35. Enrico Borghi – L’equazione di Dirac


L’equazione di Dirac è il punto di arrivo di una successione di studi che in “fisicarivisitata” hanno preso l’avvio con la “Teoria di Pauli sullo spin dell’elettrone”, dove l’equazione di Pauli viene presentata come una evoluzione dell’equazione di Schrödinger in grado di tener conto dello spin dell’elettrone.

L’equazione di Pauli riesce a descrivere alcuni aspetti della meccanica dell’elettrone considerato come particella dotata di spin, ma è il risultato di modifiche dell’equazione di Schrödinger introdotte “ad hoc” e incapaci di rendere l’equazione di Pauli Lorentz-covariante.

In uno studio che precede quello sulla Teoria di Pauli era stato introdotto il concetto generale di “Rappresentazione di gruppi” che successivamente è stato applicato allo studio delle “Rappresentazioni spinoriali del gruppo di Lorentz”. Si tratta di due lavori che hanno permesso di ottenere le definizioni di alcuni oggetti matematici, come i bispinori, che costituiscono la base  su cui può essere costruita l’equazione di Dirac per l’elettrone che, in questo studio, viene  presentata in tutta la varietà di formulazioni in cui può essere espressa.

Diversamente dall’equazione di Pauli, l’equazione di Dirac non è costruita ad hoc, ma consegue da un processo formale che parte da un tentativo di ridurre al primo ordine le derivate dell’equazione di Klein-Gordon, che è relativistica e di secondo ordine nelle derivate, con lo scopo di risolvere alcuni problemi interpretativi che l’equazione di Klein-Gordon sembrava presentare (v. lo studio omonimo presente in “fisicarivisitata”).

La riduzione al primo ordine delle derivate dell’equazione di Klein-Gordon può essere ottenuta facendo ricorso a oggetti matematici, come i sopracitati bispinori, dotati di caratteristiche utili per la descrizione delle proprietà fisiche di un elettrone.

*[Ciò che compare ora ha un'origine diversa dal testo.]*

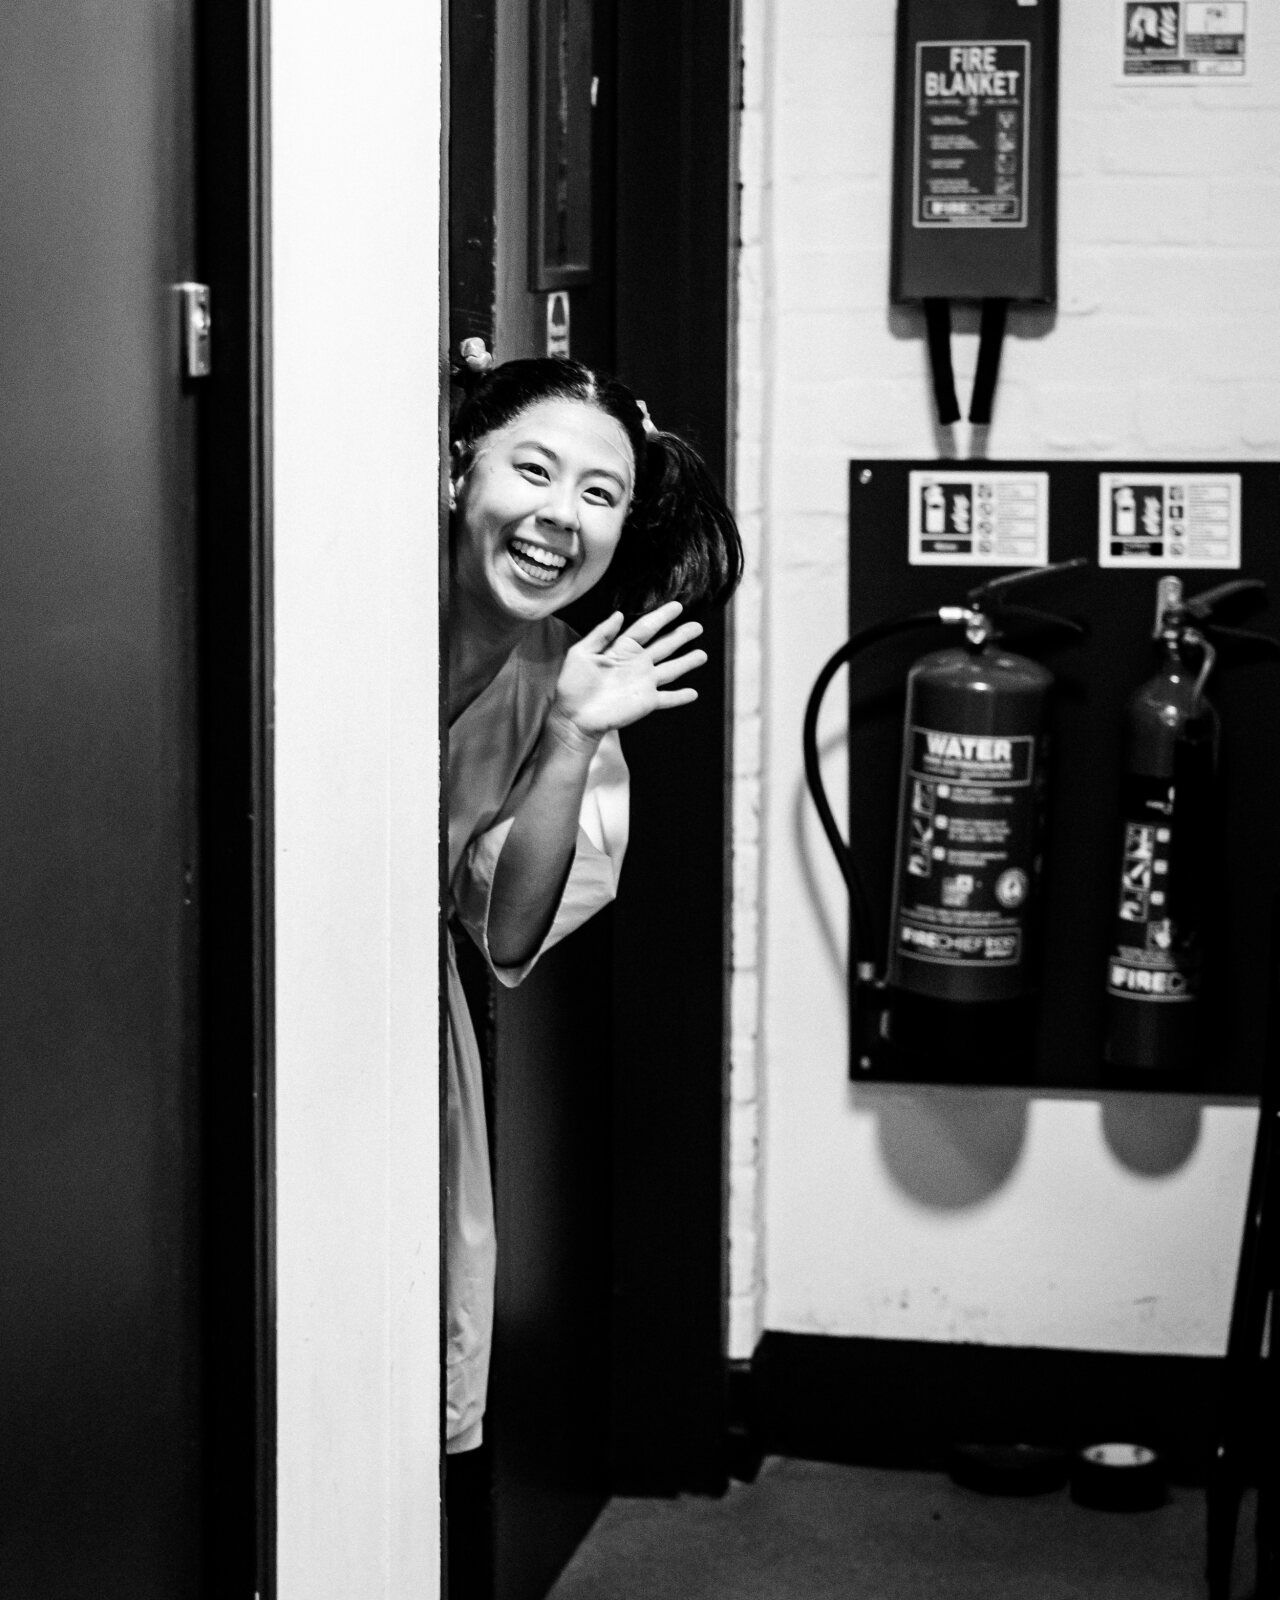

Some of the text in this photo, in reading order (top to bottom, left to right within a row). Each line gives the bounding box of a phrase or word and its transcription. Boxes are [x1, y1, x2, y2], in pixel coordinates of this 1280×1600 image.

L’equazione di Dirac così ottenuta non solo riesce a descrivere la dinamica quantistico-relativistica di un elettrone, ma risolve uno dei problemi sorti con l’equazione di Klein-Gordon che, come ricordiamo dallo studio omonimo, non permette di associare alla funzione d’onda una densità di probabilità definita positiva.

L’equazione bispinoriale di Dirac permette di risolvere questo problema, ma ne lascia irrisolto un altro perché, non diversamente da quanto si era già visto con la funzione d’onda scalare di Klein-Gordon, ammette soluzioni ad energia negativa che non possono essere semplicemente ignorate.

Come viene spiegato con maggior dettaglio in questo studio, il problema dell’energia negativa è stato affrontato da Dirac, che per risolverlo ha introdotto il concetto di “spazio vuoto riempito da un mare di elettroni”, che però non sono sperimentalmente osservabili, ed è stato successivamente affrontato anche da Stückelberg-Feynman, che per risolverlo hanno introdotto il concetto di elettrone “in moto all’indietro nel tempo”.

Che entrambe queste ipotesi siano poco convincenti appare evidente anche se sono state appena accennate ma, ciononostante, conviene prenderle in considerazione perché permettono di creare scenari ai quali riesce comodo appoggiarsi per affrontare problemi interpretativi dei fenomeni descritti dall’equazione di Dirac.

Di tutto questo si parla nel presente studio che, peraltro, si interessa soprattutto a descrivere la genesi fisico-matematica dell’equazione di Dirac, più che proporre esempi sull’uso che se ne può fare.

Considerazioni sul suo uso vengono rimandate a studi successivi.